───── Input

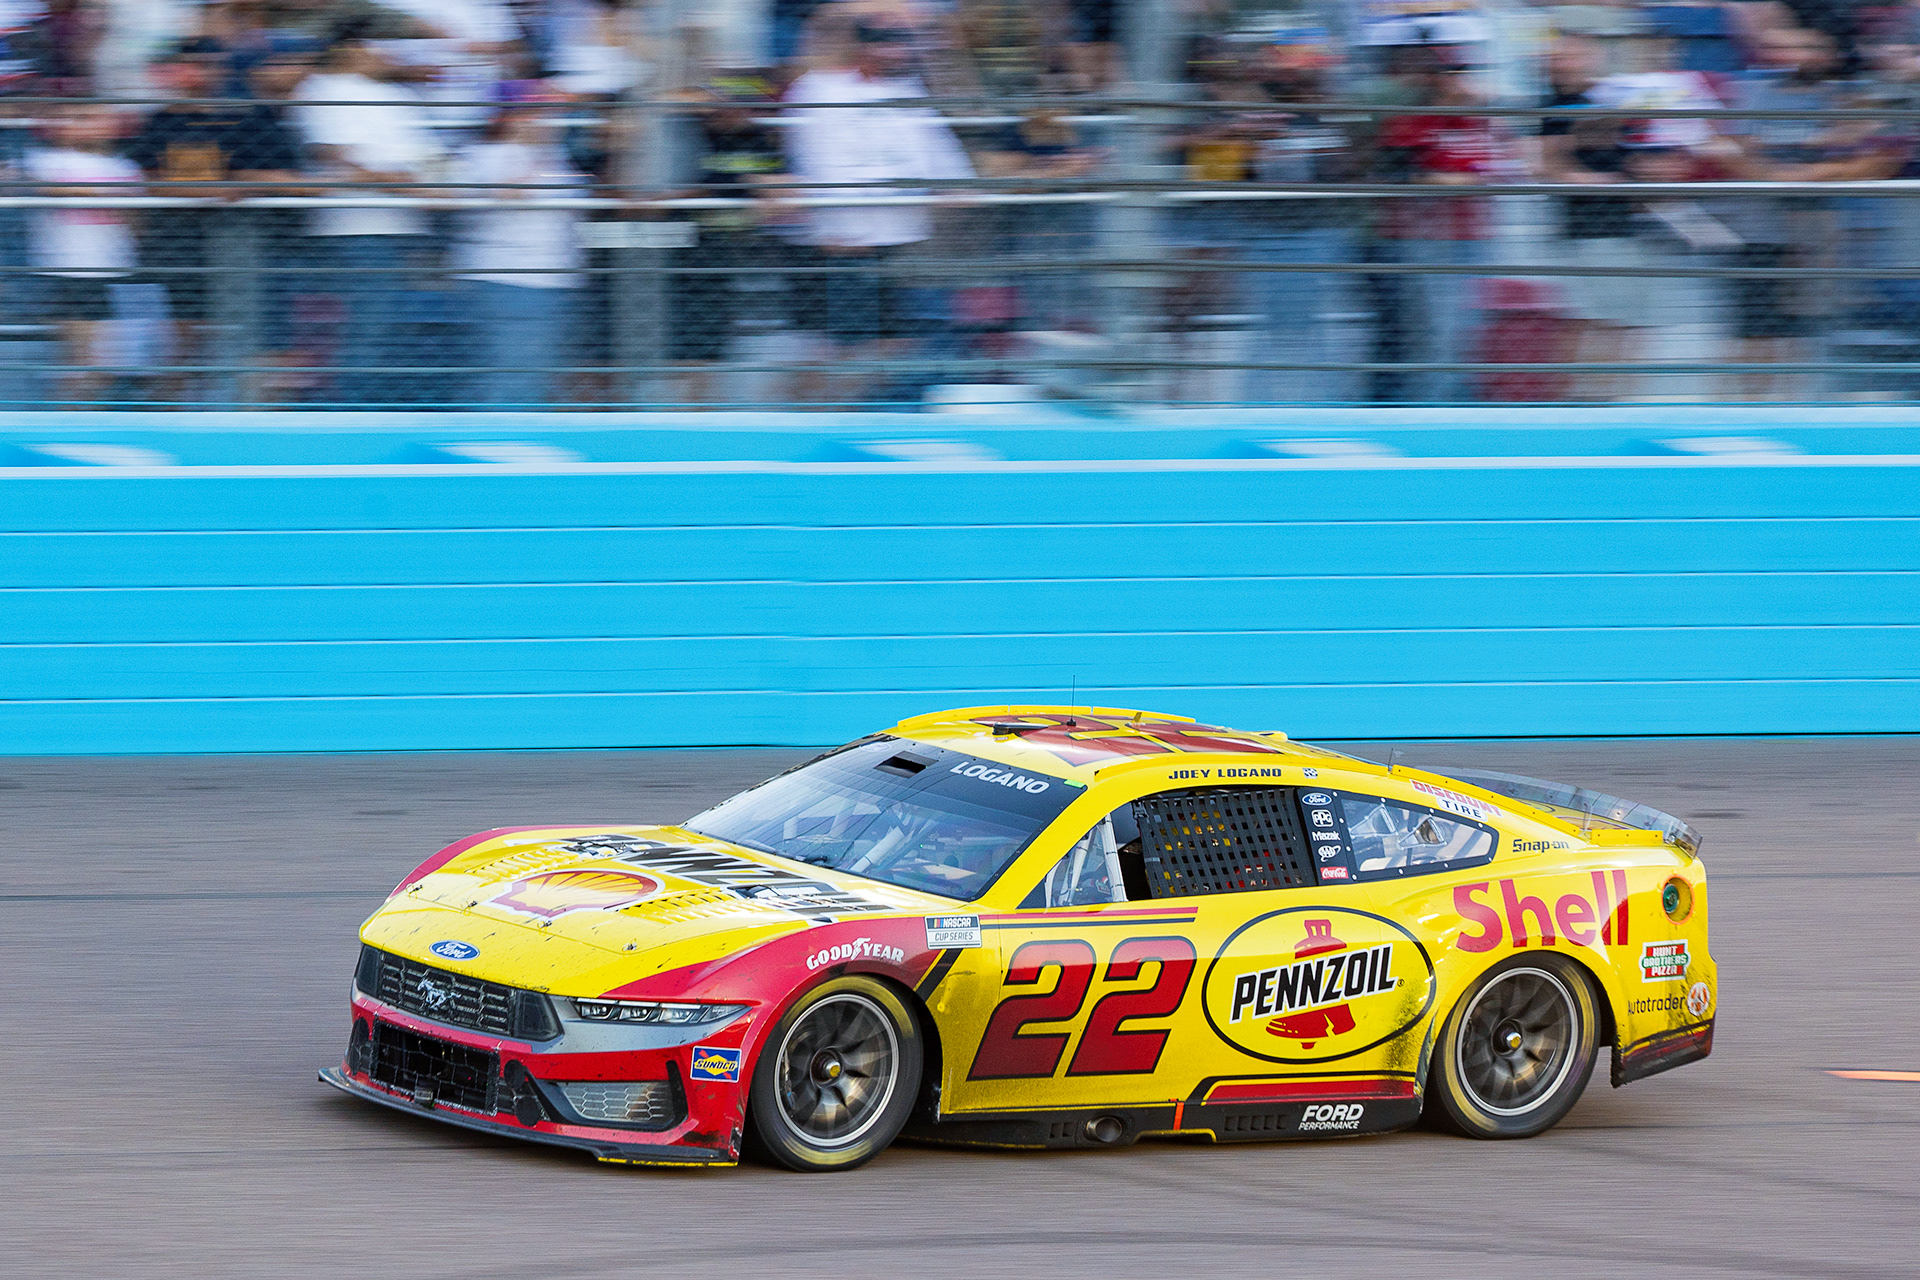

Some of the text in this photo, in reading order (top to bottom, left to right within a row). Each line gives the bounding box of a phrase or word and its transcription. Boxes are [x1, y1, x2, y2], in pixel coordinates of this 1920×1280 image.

[950, 761, 1050, 794] LOGANO
[1168, 768, 1282, 780] JOEY LOGANO
[1411, 780, 1502, 817] DISCOUNT
[1442, 799, 1482, 819] TIRE
[1314, 811, 1332, 826] PPG
[1311, 830, 1341, 842] Mazak
[1512, 839, 1570, 853] Snap-on
[1453, 869, 1629, 953] Shell
[942, 917, 972, 928] NASCAR
[934, 931, 974, 942] CUP SERIES
[806, 938, 904, 971] GOODYEAR
[1652, 946, 1678, 957] HUNT
[1643, 955, 1687, 968] BROTHERS
[1651, 965, 1678, 976] PIZZA
[1229, 943, 1399, 1024] PENNZOIL
[966, 935, 1198, 1082] 22
[696, 1060, 736, 1070] SUNOCO
[1301, 1103, 1364, 1122] FORD
[1298, 1120, 1360, 1131] PERFORMANCE
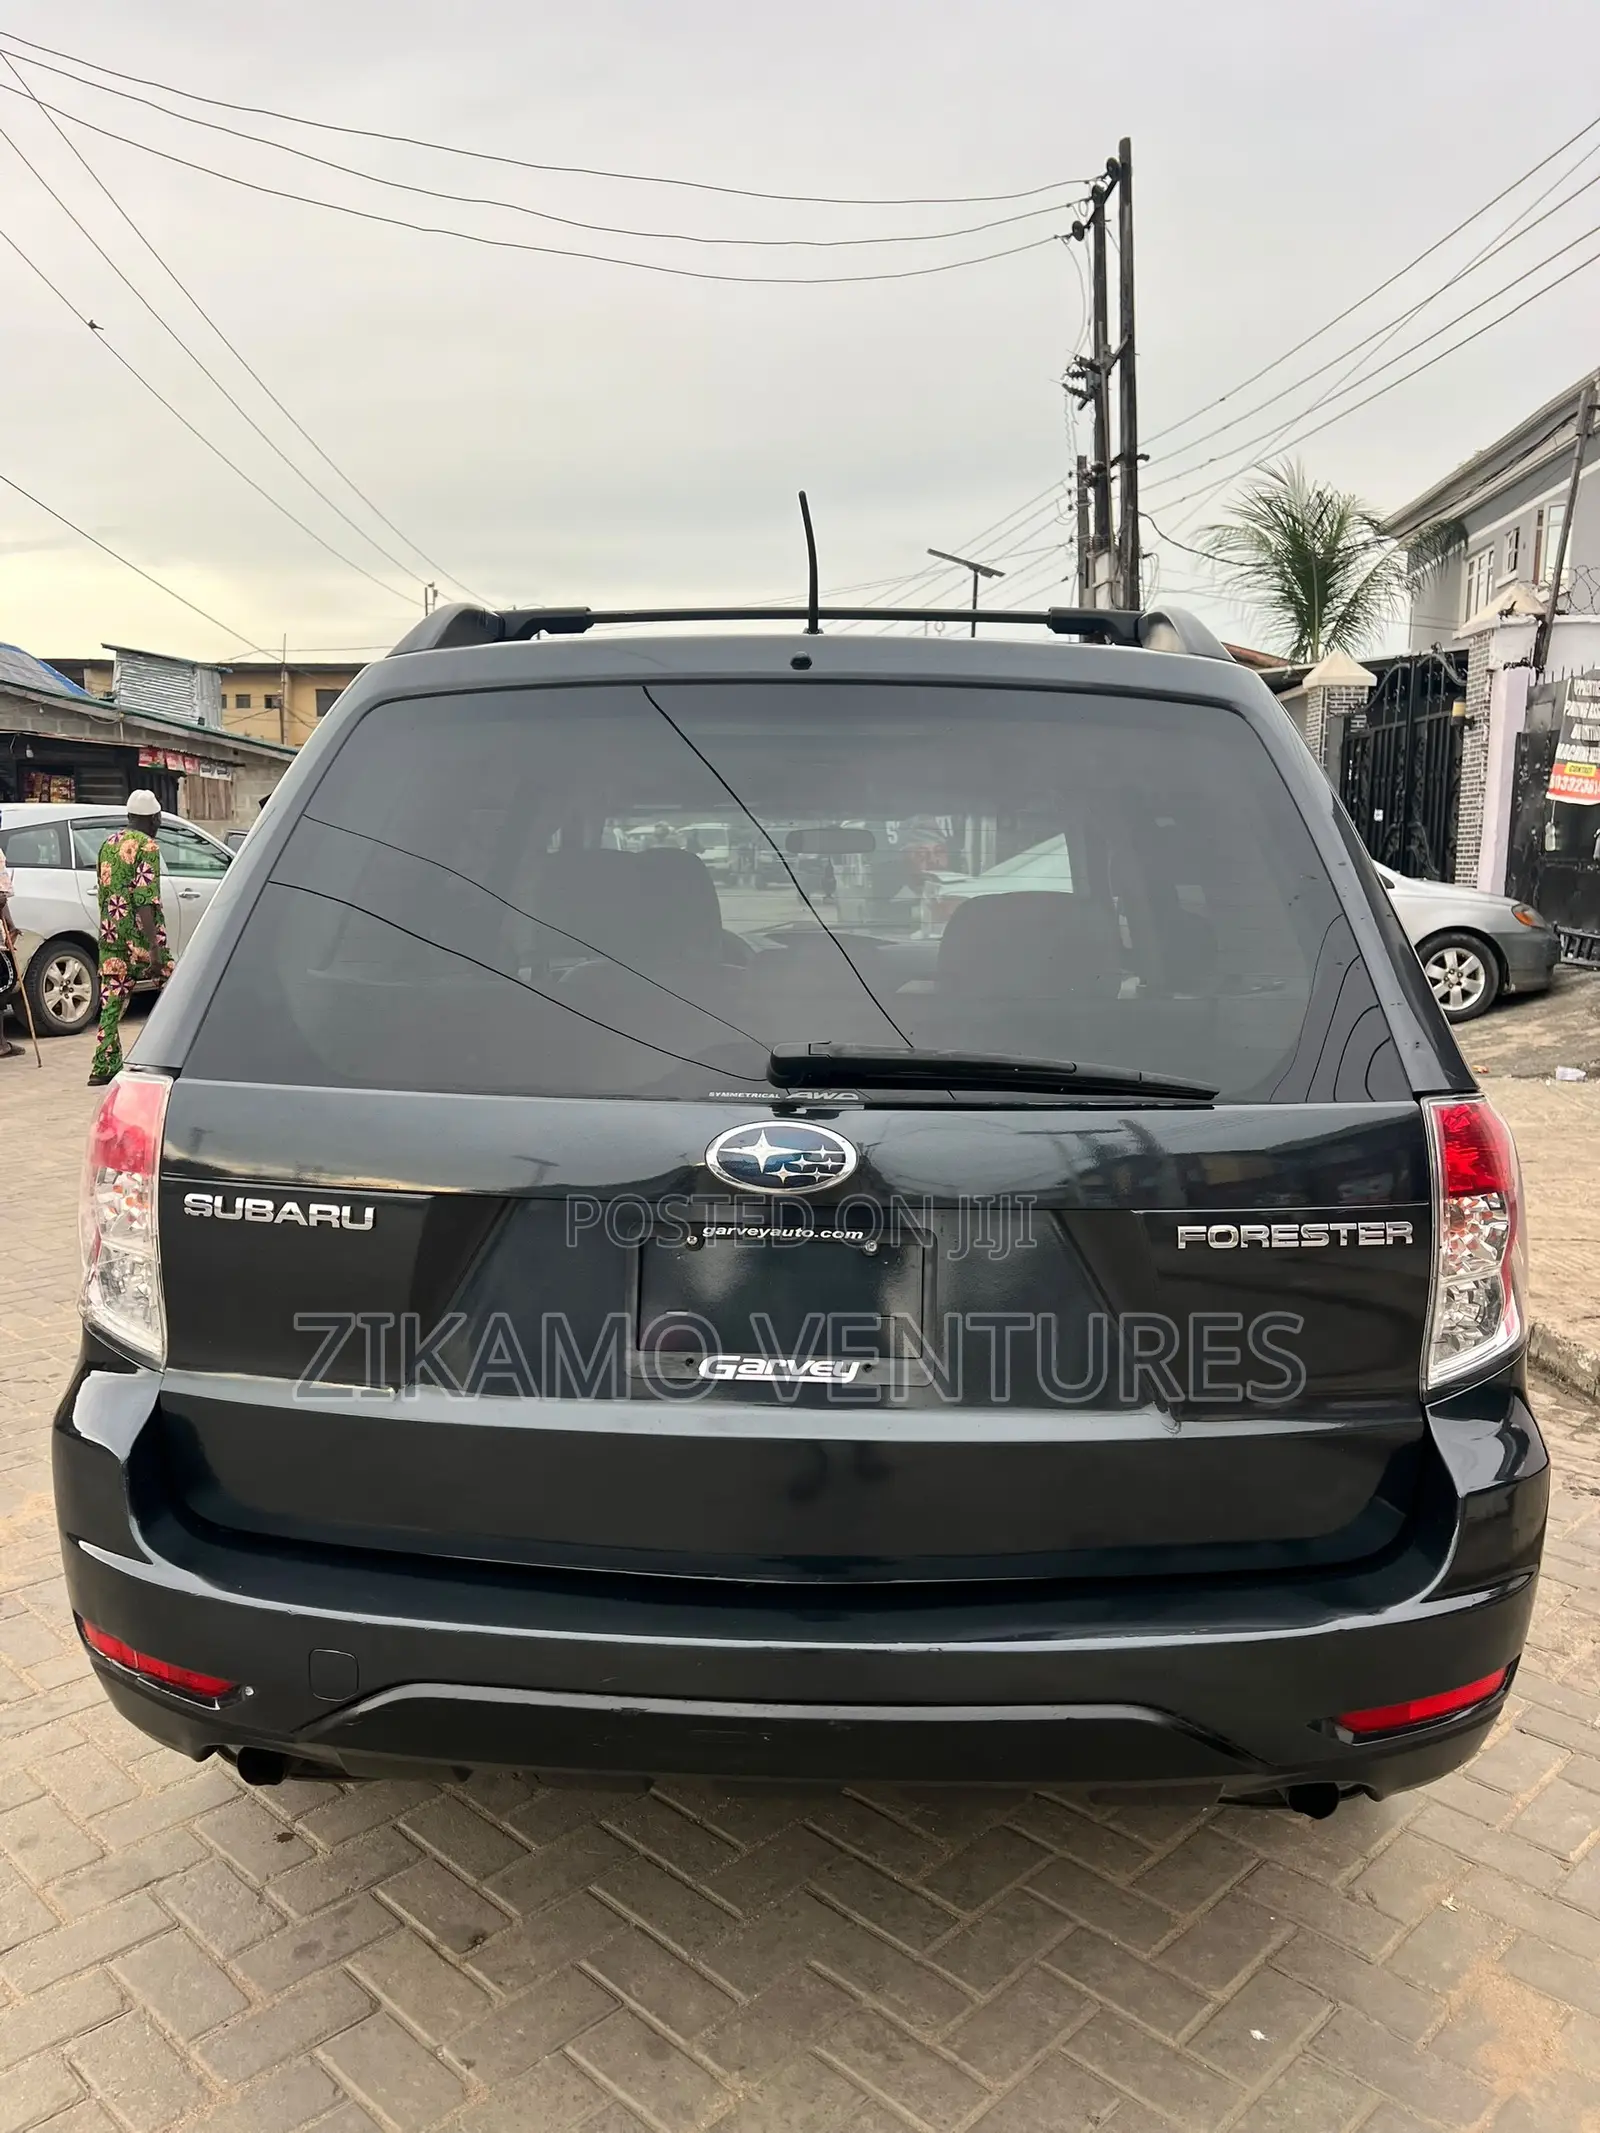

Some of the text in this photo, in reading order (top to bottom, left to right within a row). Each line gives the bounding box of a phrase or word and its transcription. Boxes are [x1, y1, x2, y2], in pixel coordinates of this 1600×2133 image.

[708, 1091, 860, 1100] SYMMETRICAL AWD
[184, 1193, 375, 1231] SUBARU
[702, 1226, 864, 1240] garveyauto.com
[1177, 1221, 1414, 1250] FORESTER
[698, 1355, 861, 1384] Garvey
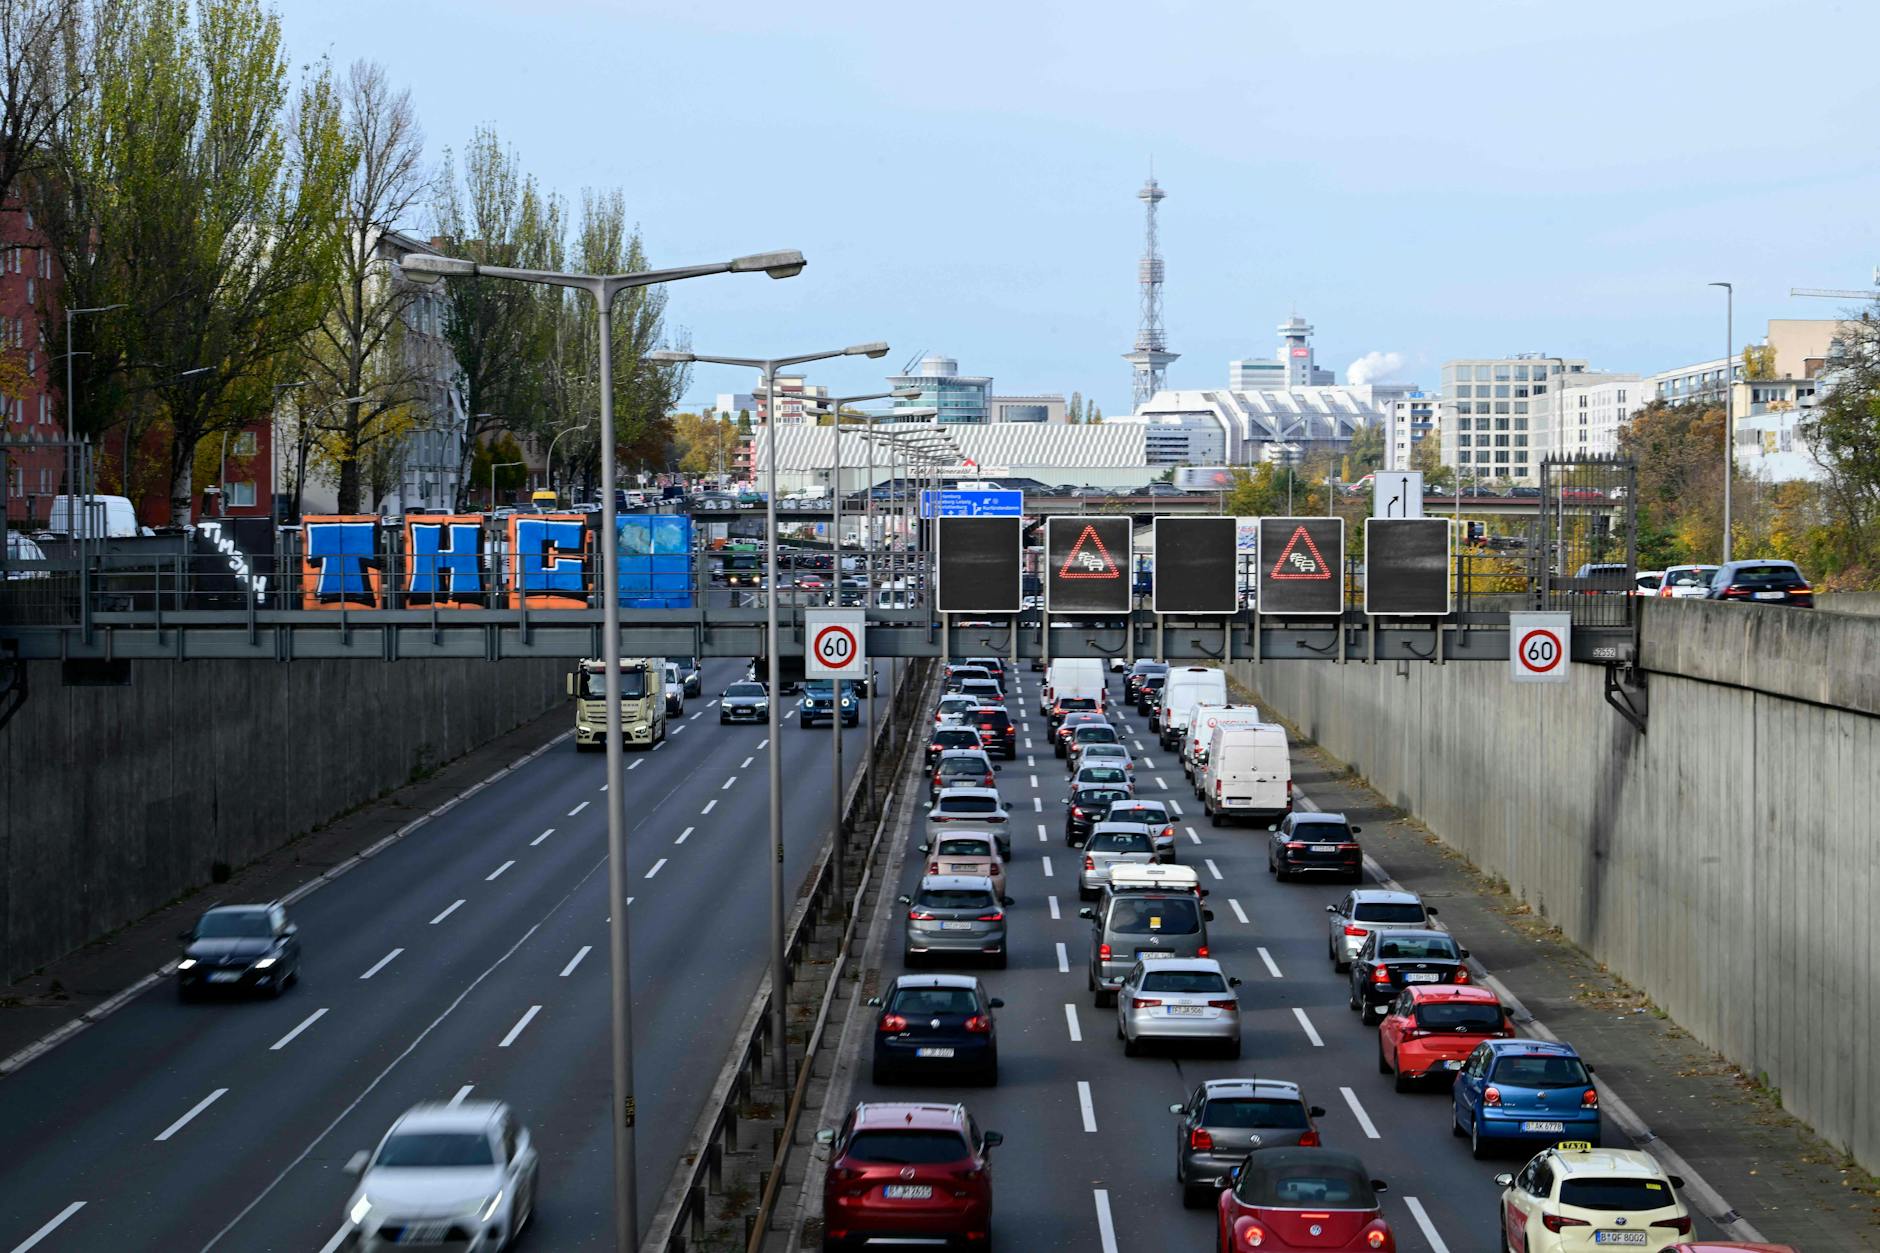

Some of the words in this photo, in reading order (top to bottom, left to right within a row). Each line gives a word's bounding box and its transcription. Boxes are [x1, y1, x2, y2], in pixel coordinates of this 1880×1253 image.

──────────

## Task instructions
Retype each entry above character for character; pictures stay out.

## Task solution
Some of the text in this photo, in reading order (top to bottom, left to right within a row). Each line gives the bounding box of a phrase or word and its transcription. Boxes are [x1, y1, x2, y2], in pixel coordinates of this 1920×1280 image.

[950, 761, 1050, 794] LOGANO
[1168, 768, 1282, 780] JOEY LOGANO
[1411, 780, 1502, 817] DISCOUNT
[1442, 799, 1482, 819] TIRE
[1314, 811, 1332, 826] PPG
[1311, 830, 1341, 842] Mazak
[1512, 839, 1570, 853] Snap-on
[1453, 869, 1629, 953] Shell
[942, 917, 972, 928] NASCAR
[934, 931, 974, 942] CUP SERIES
[806, 938, 904, 971] GOODYEAR
[1652, 946, 1678, 957] HUNT
[1643, 955, 1687, 968] BROTHERS
[1651, 965, 1678, 976] PIZZA
[1229, 943, 1399, 1024] PENNZOIL
[966, 935, 1198, 1082] 22
[696, 1060, 736, 1070] SUNOCO
[1301, 1103, 1364, 1122] FORD
[1298, 1120, 1360, 1131] PERFORMANCE

Some of the text in this photo, in reading order (top to bottom, left to right within a row). Each line gives the bounding box of a phrase or word and its transcription. Boxes are [x1, y1, x2, y2], in pixel coordinates of this 1600×2133 image.

[708, 1091, 860, 1100] SYMMETRICAL AWD
[184, 1193, 375, 1231] SUBARU
[702, 1226, 864, 1240] garveyauto.com
[1177, 1221, 1414, 1250] FORESTER
[698, 1355, 861, 1384] Garvey

Some of the words in this photo, in reading order (top to bottom, left to right within a row). Each line gives a word's bounding box and its transcription. Boxes are [x1, y1, x2, y2], in pixel coordinates of this 1880×1253 image.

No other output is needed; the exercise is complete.